▶ _Goal of the exercise_
As you print the data below, keep every line exactly as it is and leave the images behind.

▶ _Saved entries_
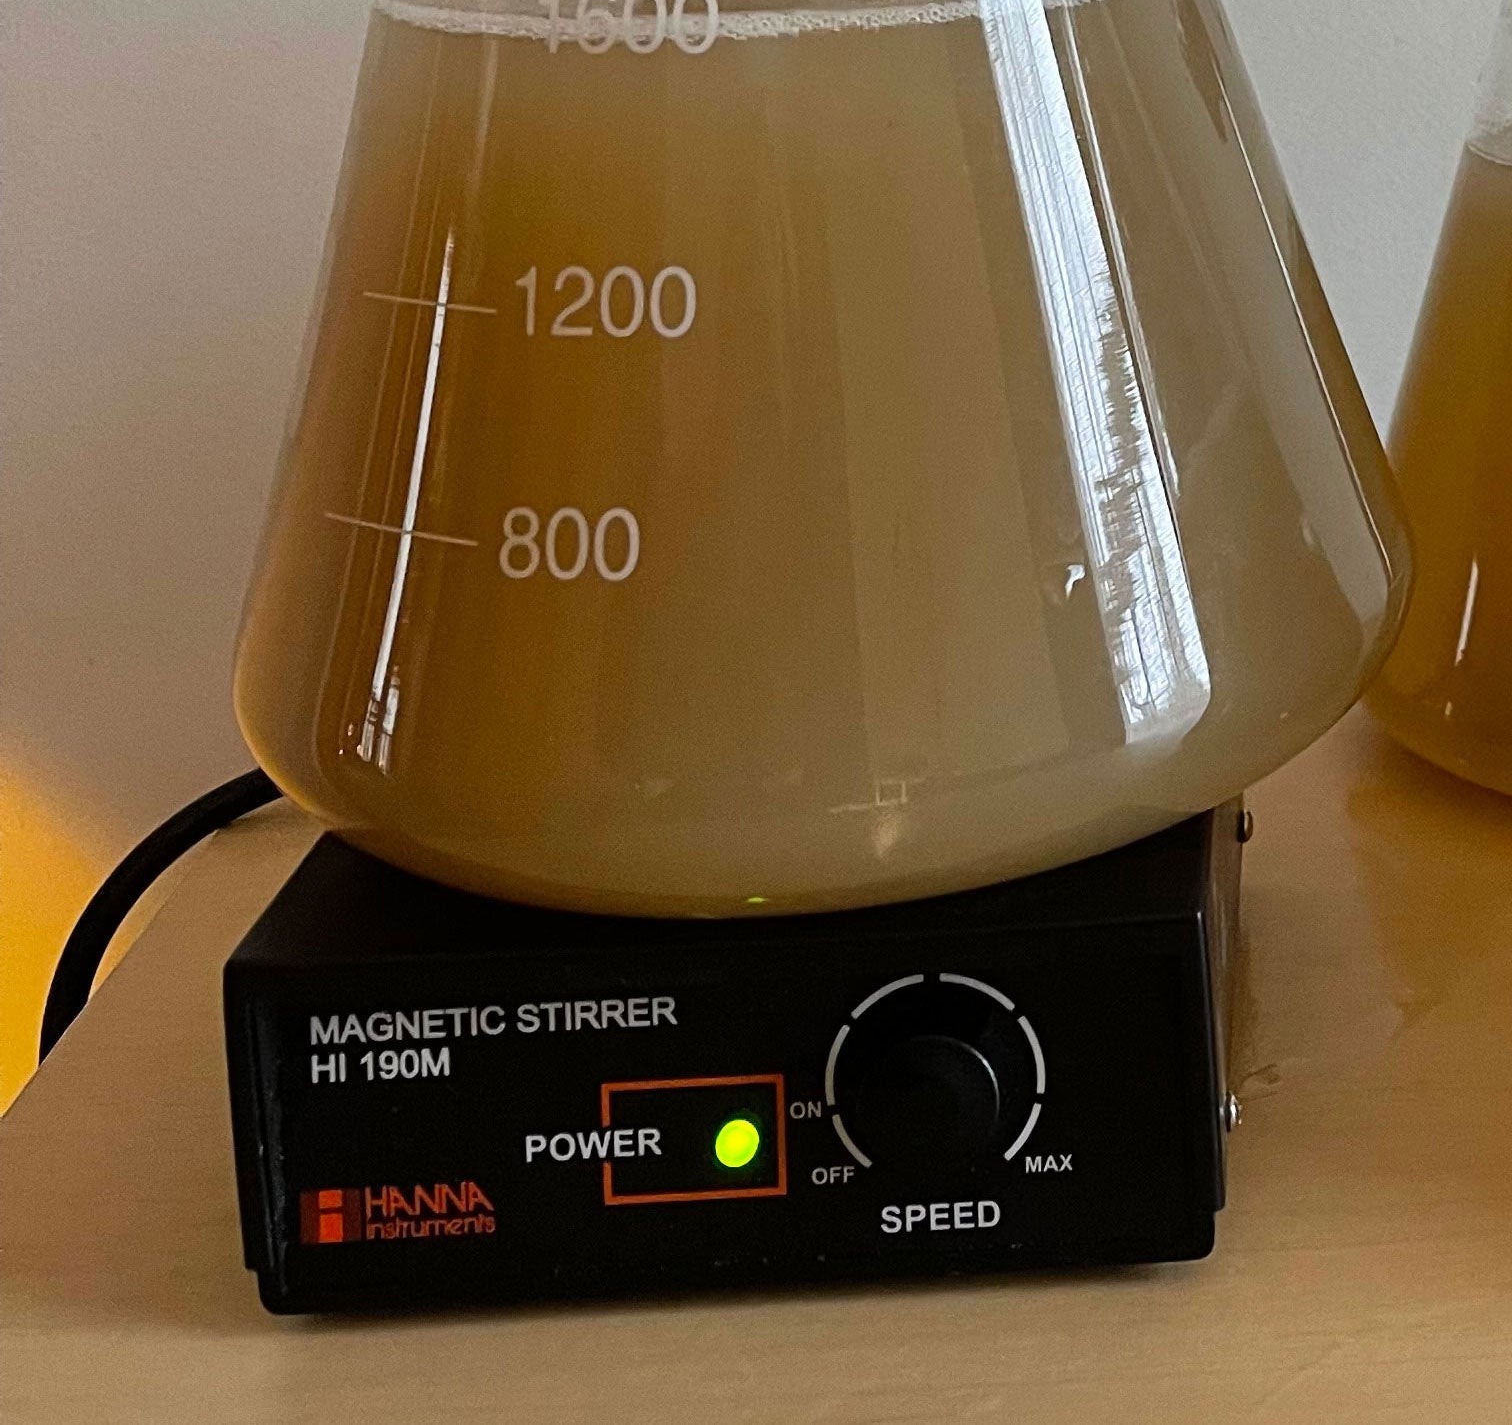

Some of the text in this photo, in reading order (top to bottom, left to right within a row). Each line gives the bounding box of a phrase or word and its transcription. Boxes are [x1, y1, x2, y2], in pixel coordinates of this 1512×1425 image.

[515, 265, 697, 338] 1200
[499, 506, 641, 581] 800
[310, 996, 678, 1046] MAGNETIC STIRRER
[310, 1047, 451, 1083] HI 190M
[789, 1100, 823, 1120] ON
[525, 1127, 662, 1162] POWER
[811, 1165, 855, 1185] OFF
[1025, 1153, 1074, 1174] MAX
[364, 1179, 495, 1217] HANNA
[880, 1199, 1001, 1234] SPEED
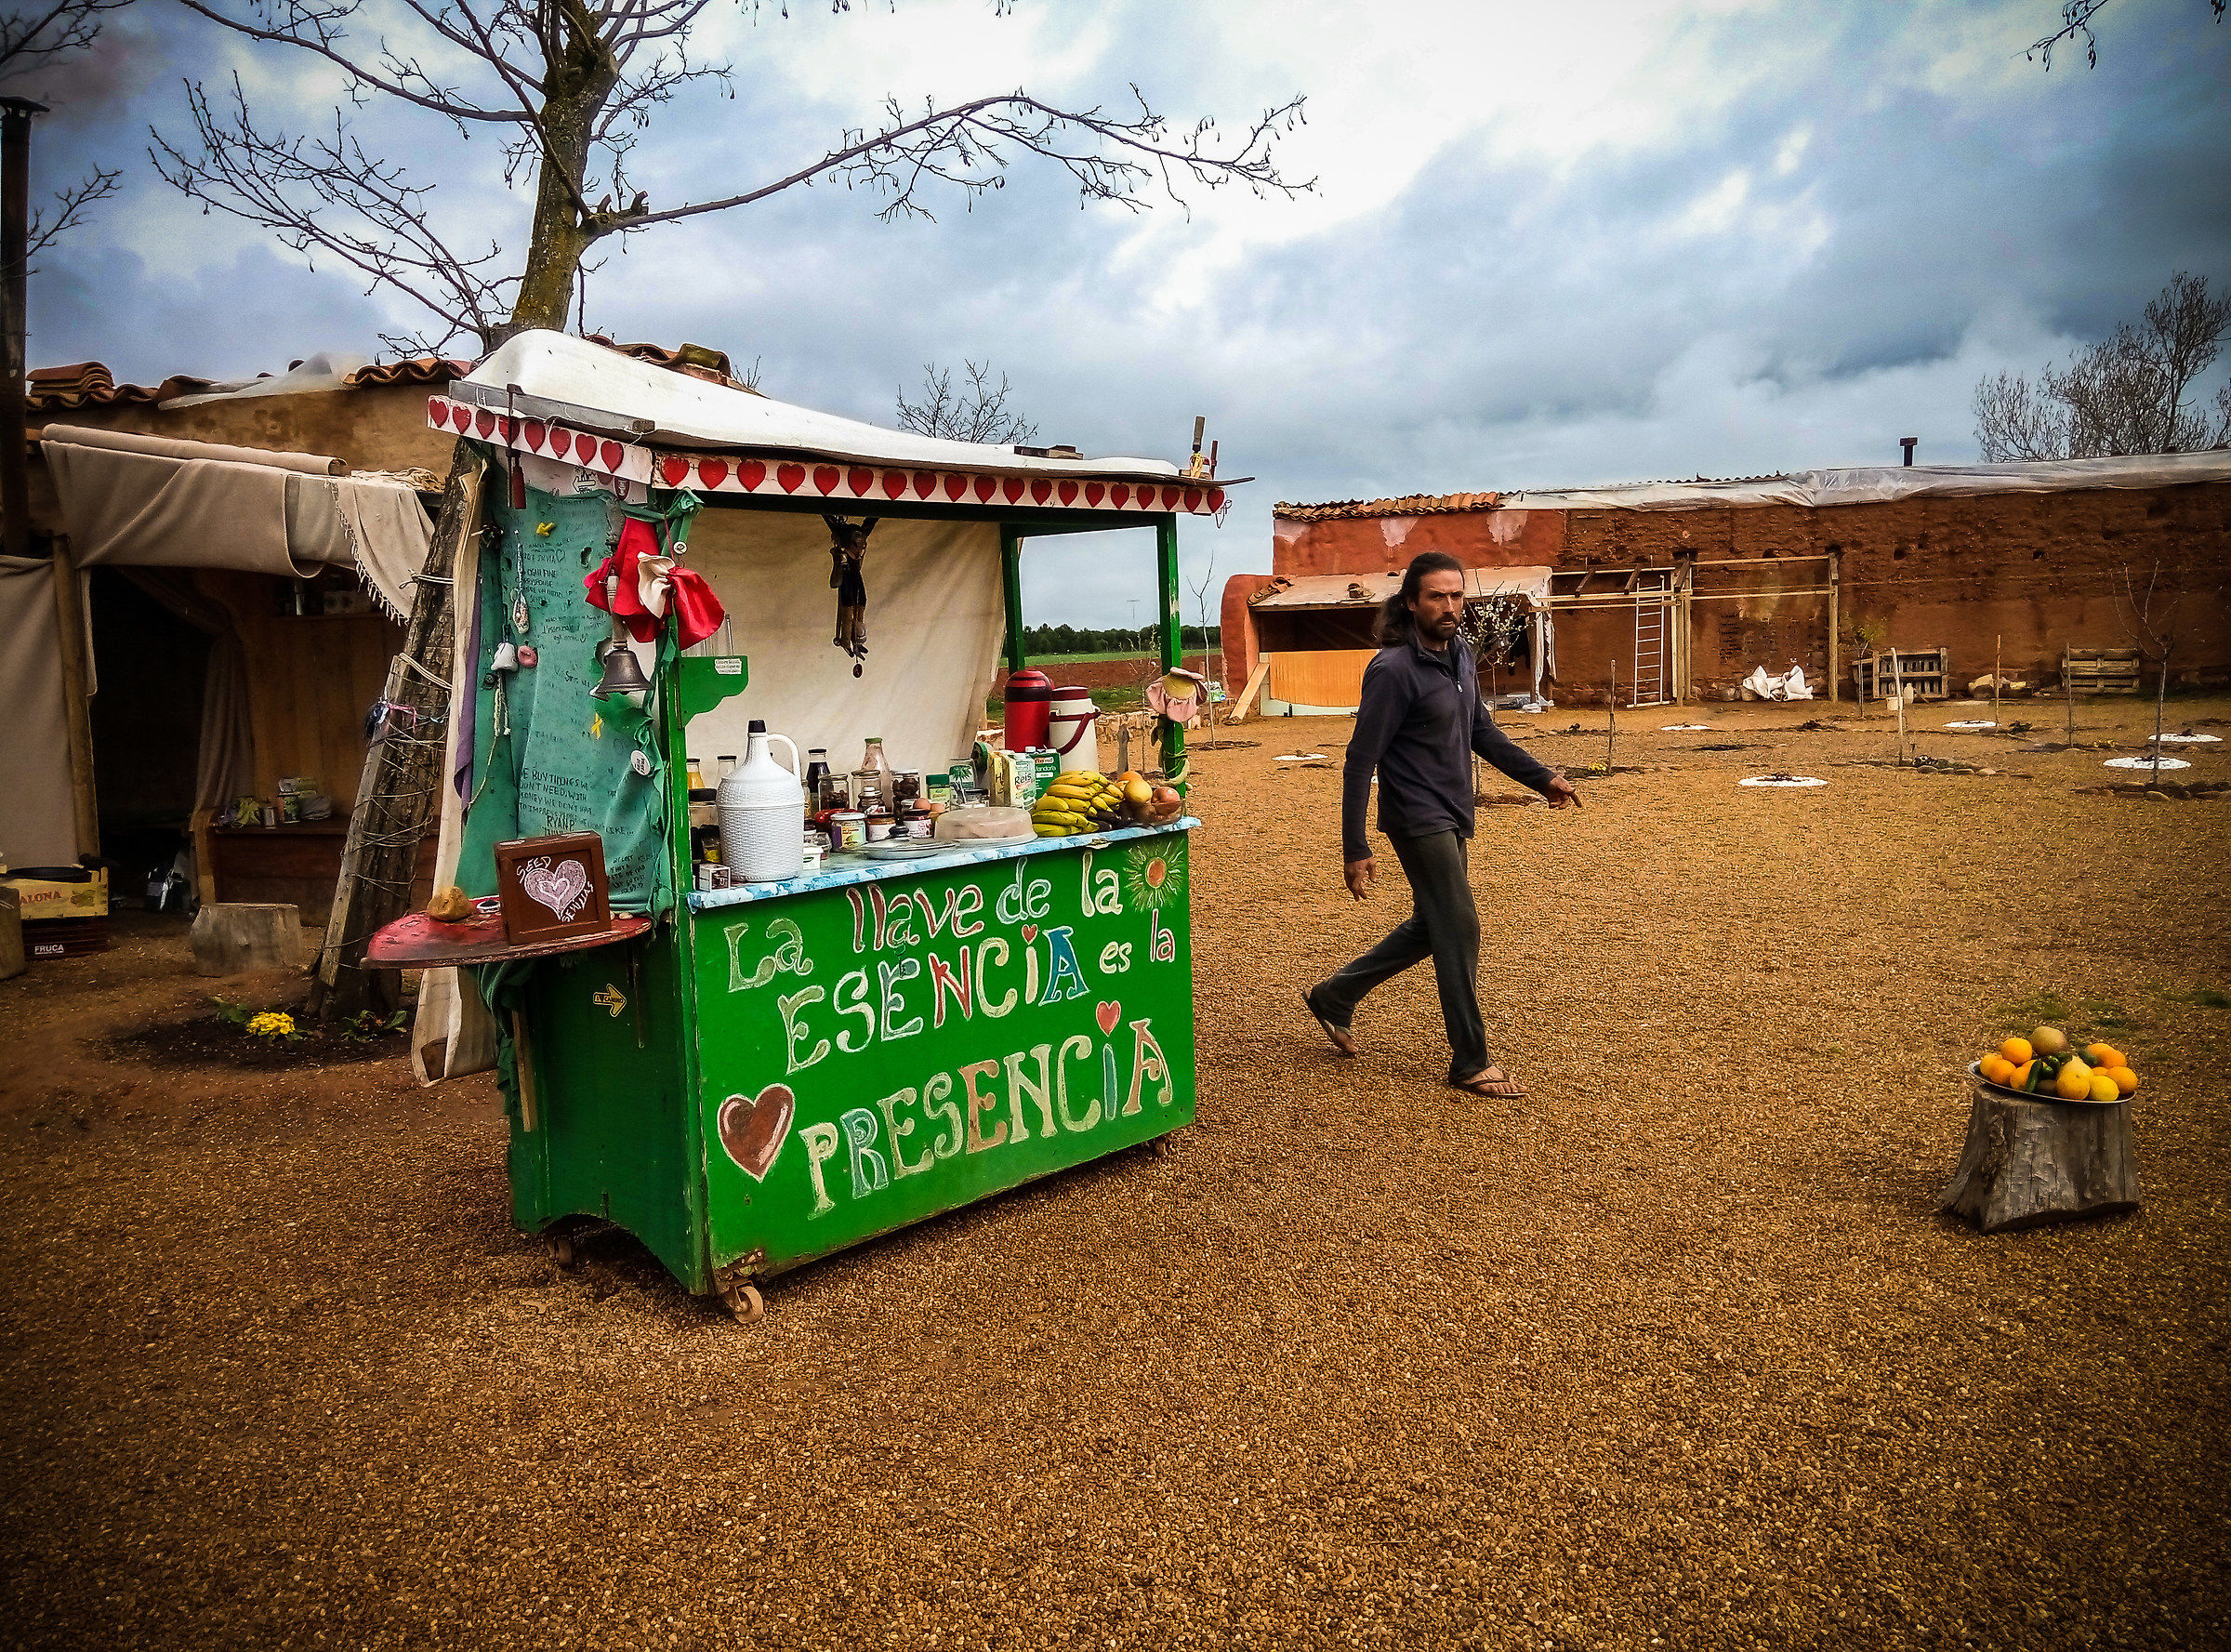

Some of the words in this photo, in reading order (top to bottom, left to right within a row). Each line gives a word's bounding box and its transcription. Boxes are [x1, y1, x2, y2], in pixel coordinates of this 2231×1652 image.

[533, 770, 548, 781] BUY
[1014, 772, 1032, 786] Reis
[516, 855, 552, 884] SEED
[723, 918, 813, 993] La
[845, 885, 983, 953] llave
[995, 857, 1051, 924] de
[1081, 852, 1123, 918] la
[35, 944, 64, 953] FRUCA
[776, 924, 1090, 1075] ESENCIA
[1099, 940, 1132, 974] es
[1150, 909, 1176, 963] la
[799, 1017, 1173, 1221] PRESENCIA

▶ _Response to the exercise_
Some of the text in this photo, in reading order (top to bottom, left to right within a row). Each line gives the bounding box of a phrase or word and its transcription. Boxes are [x1, y1, x2, y2], in pixel coordinates of this 1512×1425 image.

[515, 265, 697, 338] 1200
[499, 506, 641, 581] 800
[310, 996, 678, 1046] MAGNETIC STIRRER
[310, 1047, 451, 1083] HI 190M
[789, 1100, 823, 1120] ON
[525, 1127, 662, 1162] POWER
[811, 1165, 855, 1185] OFF
[1025, 1153, 1074, 1174] MAX
[364, 1179, 495, 1217] HANNA
[880, 1199, 1001, 1234] SPEED

Some of the words in this photo, in reading order (top to bottom, left to right within a row). Each line gives a word's bounding box and its transcription. Boxes are [x1, y1, x2, y2], in pixel coordinates of this 2231×1652 image.

[533, 770, 548, 781] BUY
[1014, 772, 1032, 786] Reis
[516, 855, 552, 884] SEED
[723, 918, 813, 993] La
[845, 885, 983, 953] llave
[995, 857, 1051, 924] de
[1081, 852, 1123, 918] la
[35, 944, 64, 953] FRUCA
[776, 924, 1090, 1075] ESENCIA
[1099, 940, 1132, 974] es
[1150, 909, 1176, 963] la
[799, 1017, 1173, 1221] PRESENCIA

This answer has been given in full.